As previously said, cities are the centers of human activity, where people obtain the mutual benefits of living together: markets and meeting places, money and employment, services and knowledge, and skills and crafts. However, the way in which we have planned and lived in cities has led us to an unsustainable world. That is why many authors have called for a change, principally related to the use of land, integration of uses, densification, and limitation of sprawl (Girard 2003, 3; Dunham-Jones and Williamson 2008, 1). Moreover, other authors have claimed that the change should be deeper: “the journey towards the sustainable city demands a compass in the form of a solid set of guiding values, which themselves remain open to rethinking and adaptation” (Radovic 2009, 16). In addition, Peter Hall remarks that sustainable urban development should be the guiding principle for urban policy and governance (Hall 2003, 55).

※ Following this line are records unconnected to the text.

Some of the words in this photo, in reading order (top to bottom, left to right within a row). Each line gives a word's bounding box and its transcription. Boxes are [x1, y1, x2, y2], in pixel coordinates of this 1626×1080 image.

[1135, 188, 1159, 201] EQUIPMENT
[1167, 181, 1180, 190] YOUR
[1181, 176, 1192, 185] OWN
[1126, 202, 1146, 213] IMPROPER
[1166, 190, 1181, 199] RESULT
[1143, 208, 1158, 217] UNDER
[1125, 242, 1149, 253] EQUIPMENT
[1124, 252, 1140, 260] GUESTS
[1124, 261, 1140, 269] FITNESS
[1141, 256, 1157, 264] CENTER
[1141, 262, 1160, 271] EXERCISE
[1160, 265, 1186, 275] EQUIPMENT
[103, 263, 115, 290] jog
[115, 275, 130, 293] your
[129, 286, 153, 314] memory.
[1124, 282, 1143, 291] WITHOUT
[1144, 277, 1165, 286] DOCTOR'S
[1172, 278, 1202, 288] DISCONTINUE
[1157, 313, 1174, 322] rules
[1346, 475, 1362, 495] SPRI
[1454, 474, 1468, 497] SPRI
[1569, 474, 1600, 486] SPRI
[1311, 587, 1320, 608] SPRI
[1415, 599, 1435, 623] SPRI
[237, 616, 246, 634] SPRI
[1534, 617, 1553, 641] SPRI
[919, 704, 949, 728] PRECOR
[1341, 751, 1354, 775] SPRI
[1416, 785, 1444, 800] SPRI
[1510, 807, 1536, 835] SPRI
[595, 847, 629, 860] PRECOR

As conclusion, I would like to cite Mohsen Mostafavi’s words in the book Ecological Urbanism, as a positive, optimistic, and constructive view:
We need to view the fragility of the planet and its resources as an opportunity for speculative design innovations rather than as a form of technical legitimation for promoting conventional solutions. By extension, the problems confronting our cities and regions would then become opportunities to define a new approach. Imagining an urbanism that is other than the status quo requires a new sensibility—one that has the capacity to incorporate and accommodate the inherent conflictual conditions between ecology and urbanism.” (Mohsen Mostafavi 2010, 17)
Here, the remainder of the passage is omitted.